Our study additionally confirms the association of various loci that have been shown to be involved in liver disorders. A recent GWAS on non-alcoholic fatty liver and steatohepatitis by Anstee et al.26 highlighted the role of PNPLA3, TM6SF2, GCKR, PYGO1, HSD17B13, and LEPR in these liver disorders. In addition, a recent GWAS on NAFLD by Namjou et al.27 highlighted the role of TRIB1, PNPLA3, TM6SF2, COL13A1, and GCKR in the pathogenesis of NAFLD. Our study confirms that SNPs in PNPLA3, TM6SF2, GCKR, and LEPR are associated with the serum activity of liver enzymes.
Some of the SNPs we replicated play a role in rare familial liver disorders. For instance, we identified and replicated SNPs in SLC22A1, LIPC, ABCC2, CYP7A1, NR1H4, ADH4, MTTP, and ATP8B1 regions that have been previously linked to familial intrahepatic cholestasis28. The disease onset is in childhood and manifests with cholestasis in the liver, leading to liver failure. The pathologic underlying factors are defects in bile acid secretion and metabolism.
One of our lead SNPs in SERPINA1 gene rs28929474 has previously been associated with liver traits, and mutations in SERPINA1 is known to cause liver cirrhosis29. Our study confirms a strong association between this locus across all three liver enzymes.
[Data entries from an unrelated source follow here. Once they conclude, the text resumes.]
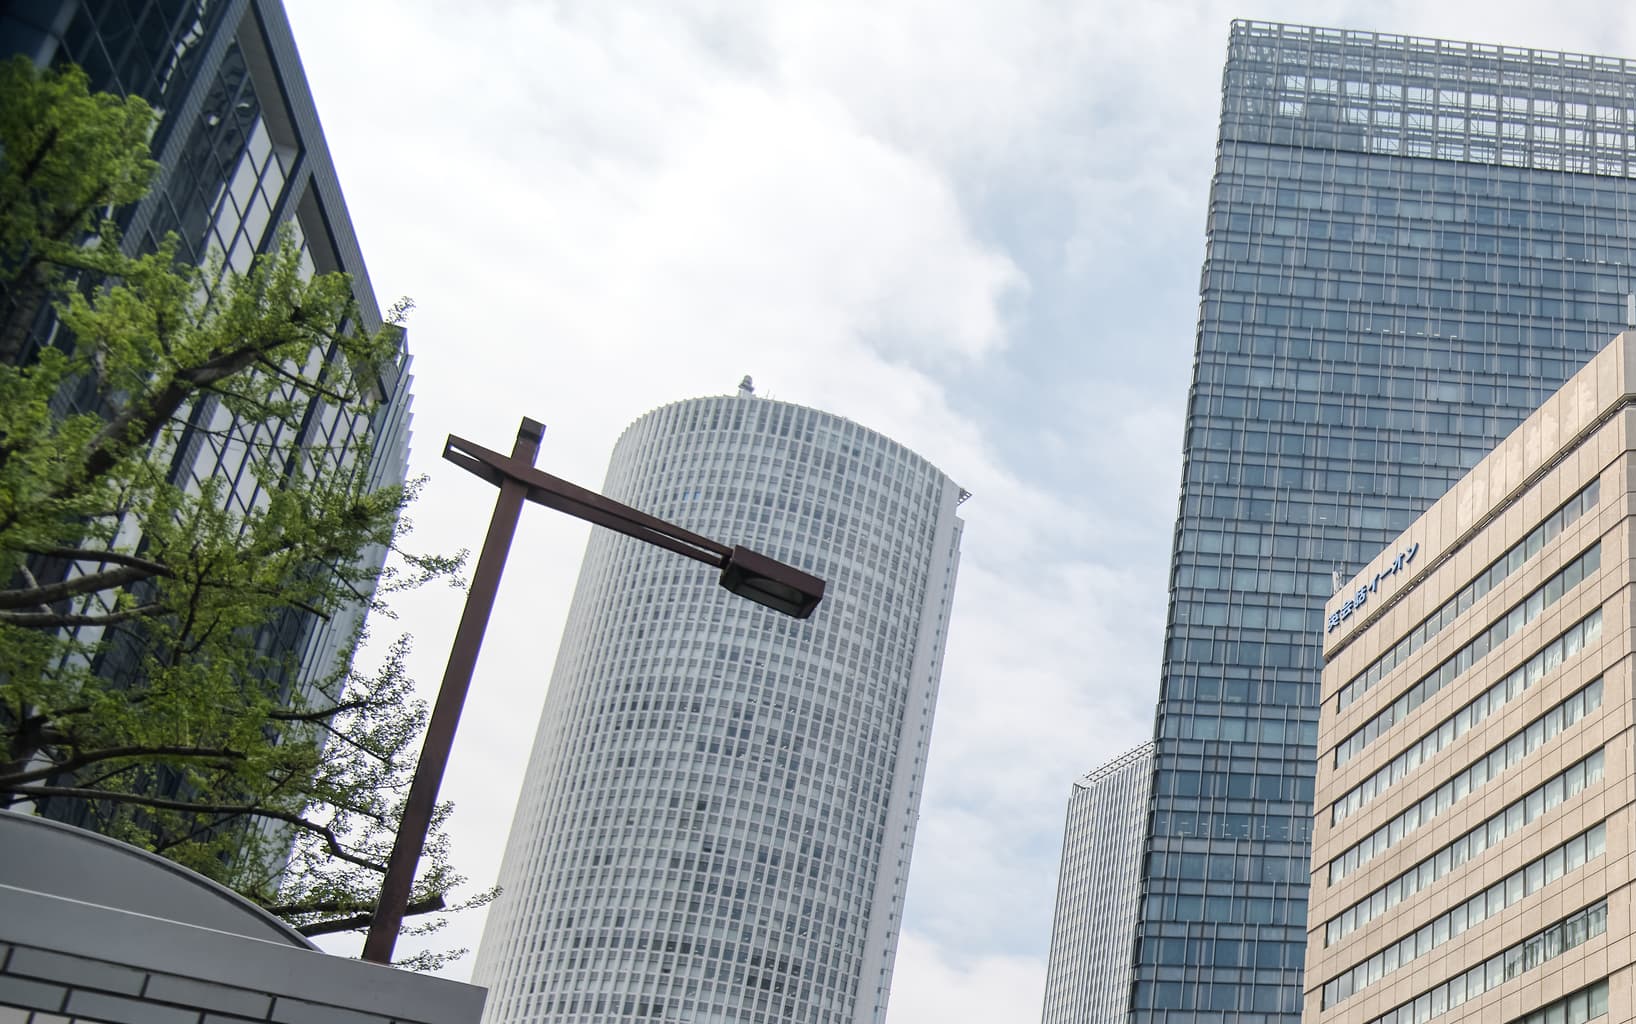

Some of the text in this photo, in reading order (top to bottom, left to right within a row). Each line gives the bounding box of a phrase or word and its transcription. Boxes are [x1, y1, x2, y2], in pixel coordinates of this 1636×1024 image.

[1327, 542, 1420, 633] 英会話イーオン
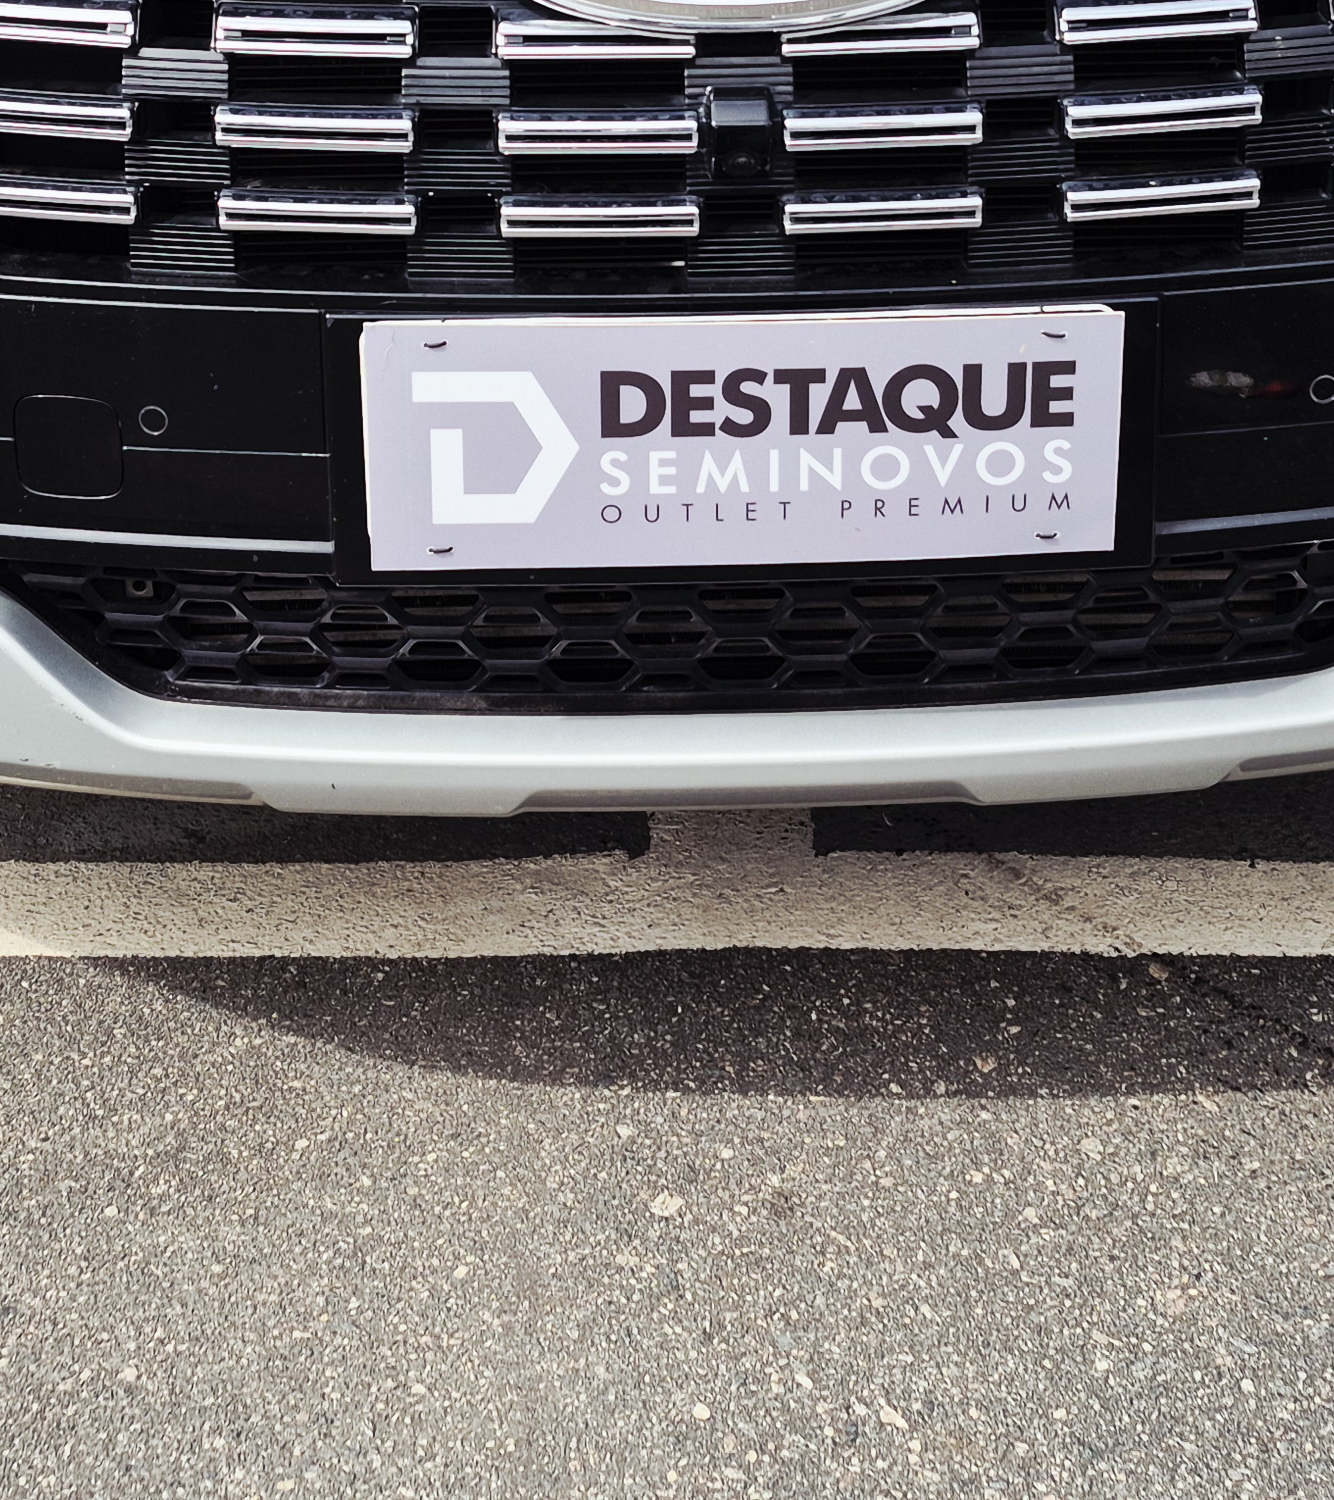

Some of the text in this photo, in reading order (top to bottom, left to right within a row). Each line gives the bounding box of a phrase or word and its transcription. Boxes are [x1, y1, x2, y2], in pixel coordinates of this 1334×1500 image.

[600, 360, 1077, 439] DESTAQUE
[600, 438, 1073, 496] SEMINOVOS
[601, 492, 1072, 524] OUTLET PREMIUM
In summary, here we increase the number of SNPs identified so far for modulating circulating liver enzymes to a total of 561 SNPs. Our tissue expression lookup supported the role of genes with strong evidence of expression in the liver or gallbladder. We show evidence of involvement of liver enzyme SNPs in metabolic syndrome and in coronary artery disease. Our study shows that up to 10% of the variance in serum activity of liver enzymes is genetically determined and suggests the possible role of SNPs involved in liver fat percent in variation in serum activity of liver enzymes and a shared genetic contribution with CVD. Our study implies a role for genetic loci for liver enzyme levels in creating multiple abnormalities in lipid, glucose, and bile acid metabolism. These disturbances seem to be linked to the accumulation of fat in the liver and the body, as well as abnormalities in lipid levels, glucose control, and liver enzyme levels. Adiposity, hyperlipidemia, and abnormal glucose metabolisms are known to be linked to accelerated atherosclerosis and CVD risk. Dedicated investigations are needed on the biological effect of genes within the FXR pathway, their physical interaction, and their link to liver abnormalities and cardiometabolic changes.
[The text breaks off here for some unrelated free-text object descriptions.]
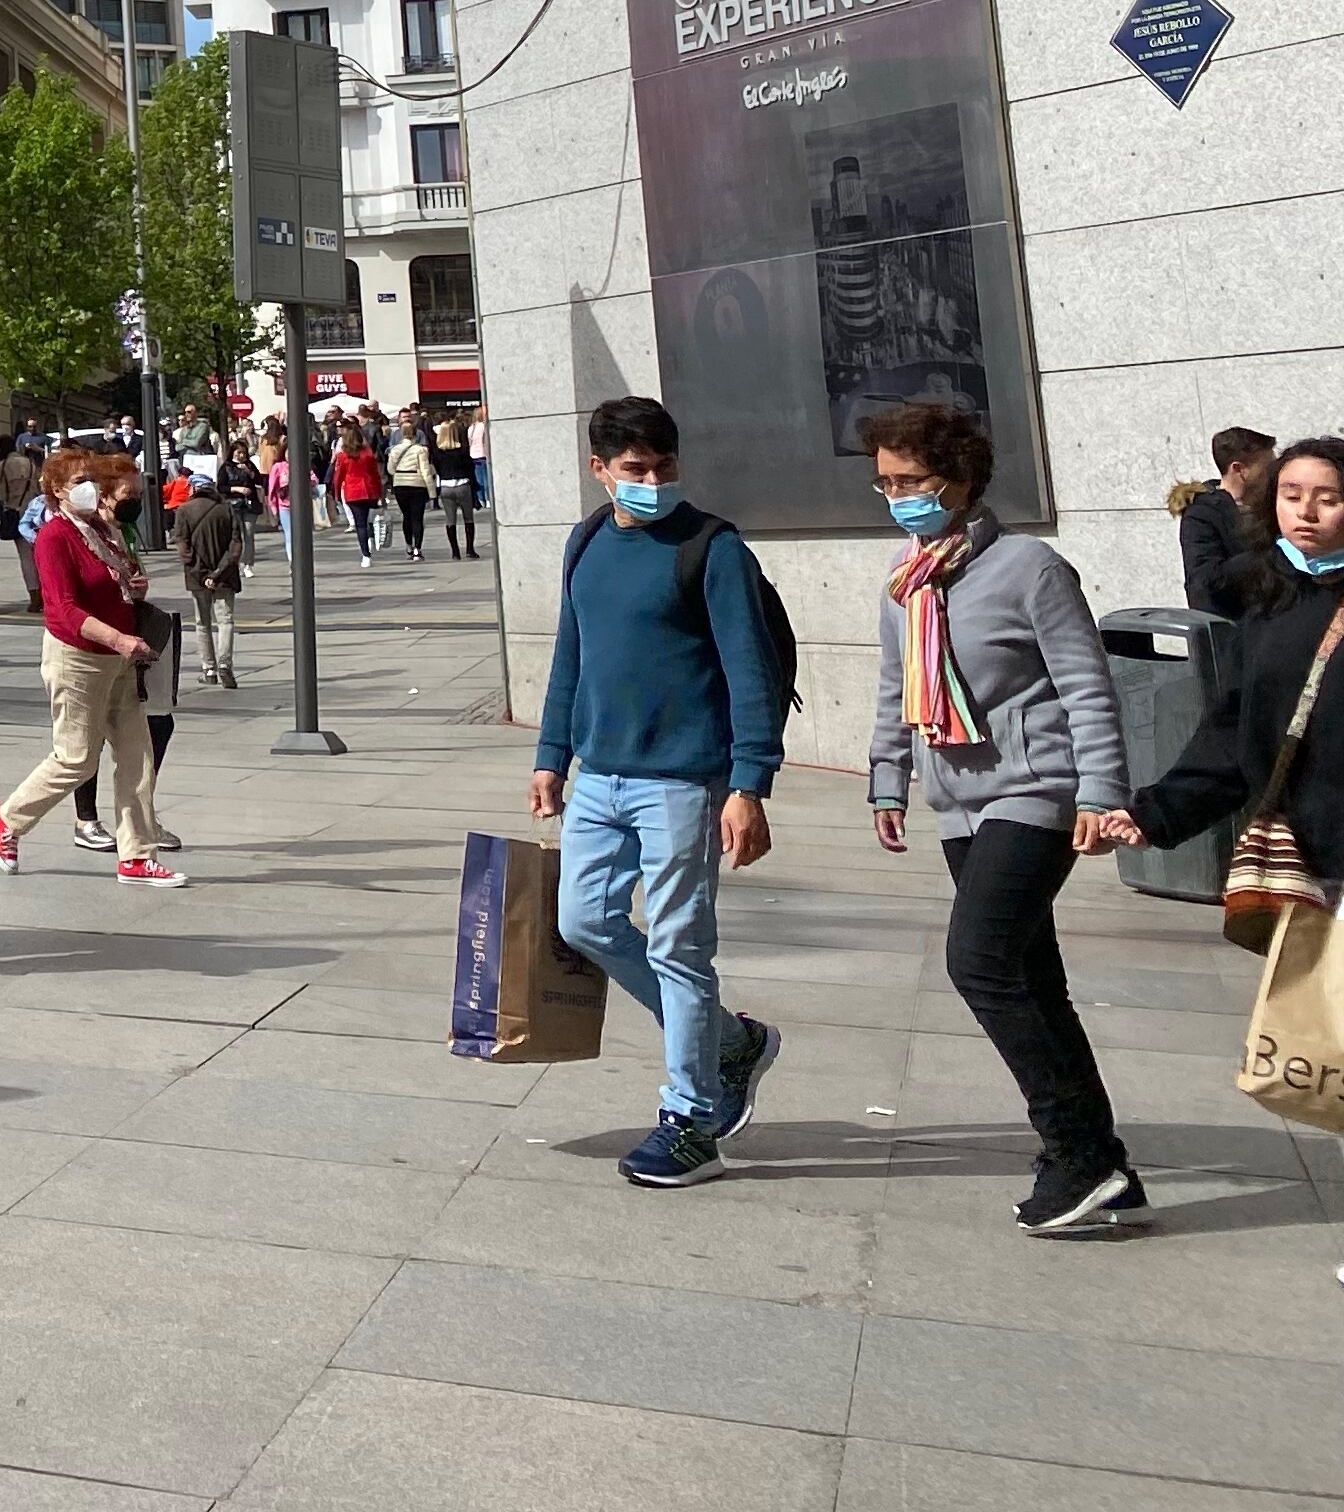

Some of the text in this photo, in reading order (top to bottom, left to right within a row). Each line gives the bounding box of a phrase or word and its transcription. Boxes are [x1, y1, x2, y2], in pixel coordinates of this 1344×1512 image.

[740, 45, 792, 69] GRAN
[742, 66, 848, 109] El Corte Inglés
[314, 232, 336, 247] TEVA
[317, 373, 344, 383] FIVE
[315, 383, 348, 393] GUYS
Study design and participants
We used data from the UKB30,31,32 and included 437,267 individuals aged 40–69 years in the discovery stage. Study participants were ascertained through United Kingdom National Health Service registers across 22 centers in Great Britain between 2006 and 201032. We included individuals of European ancestry following quality measures and exclusions (sex discordance, high missingness, and/or heterozygosity). Allocating individuals to ethnicity groups was based on self-reported ethnicity matched with principal component analysis ancestry clustering using the k-means clustering method. We excluded participants who had withdrawn consent (n = 39), as well as those who were pregnant or unsure of their pregnancy status at recruitment (n = 372). Non-European ancestry individuals were excluded from the main analysis. We limited our analysis to individuals with complete values for ALT, ALP, and GGT concentration. After exclusions, there were 437,267 individuals for ALT analysis, 437,438 for ALP, and 437,194 for GGT (Fig. 1) analyses. Values of ALT, ALP, and GGT were log 10 transformed to approximate normal distribution. To replicate our SNPs, we used data for 315,572 individuals from three independent studies, namely (i) the Rotterdam Study (NL, N = 6943)33; (ii) the Lifelines study (NL, N = 13,386)34; and (iii) the MVP (USA, N = 294,043)35 (see Supplementary information). For additional replication, we used GRS and sought the effect estimate and explained variance of the GRS on serum level of ALT, ALP, and GGT in independent samples from the Airwave health monitoring study13, a cohort of UK police forces, and in the Northern Finland Birth Cohort 196636,37 (NFBC1966; see Supplementary information).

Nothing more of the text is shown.